_Task statement_. Give back all of the records, exactly and completely.

_Recorded information_.
----

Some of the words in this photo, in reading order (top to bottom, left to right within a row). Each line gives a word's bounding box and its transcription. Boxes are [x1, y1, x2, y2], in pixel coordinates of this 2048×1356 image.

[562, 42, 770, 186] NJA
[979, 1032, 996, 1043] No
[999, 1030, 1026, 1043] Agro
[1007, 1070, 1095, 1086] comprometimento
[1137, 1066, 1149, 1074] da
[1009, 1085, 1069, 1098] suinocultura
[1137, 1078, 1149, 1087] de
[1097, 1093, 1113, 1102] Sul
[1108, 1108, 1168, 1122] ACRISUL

----

_Exercise result_.
Some of the words in this photo, in reading order (top to bottom, left to right within a row). Each line gives a word's bounding box and its transcription. Boxes are [x1, y1, x2, y2], in pixel coordinates of this 2048×1356 image.

[562, 42, 770, 186] NJA
[979, 1032, 996, 1043] No
[999, 1030, 1026, 1043] Agro
[1007, 1070, 1095, 1086] comprometimento
[1137, 1066, 1149, 1074] da
[1009, 1085, 1069, 1098] suinocultura
[1137, 1078, 1149, 1087] de
[1097, 1093, 1113, 1102] Sul
[1108, 1108, 1168, 1122] ACRISUL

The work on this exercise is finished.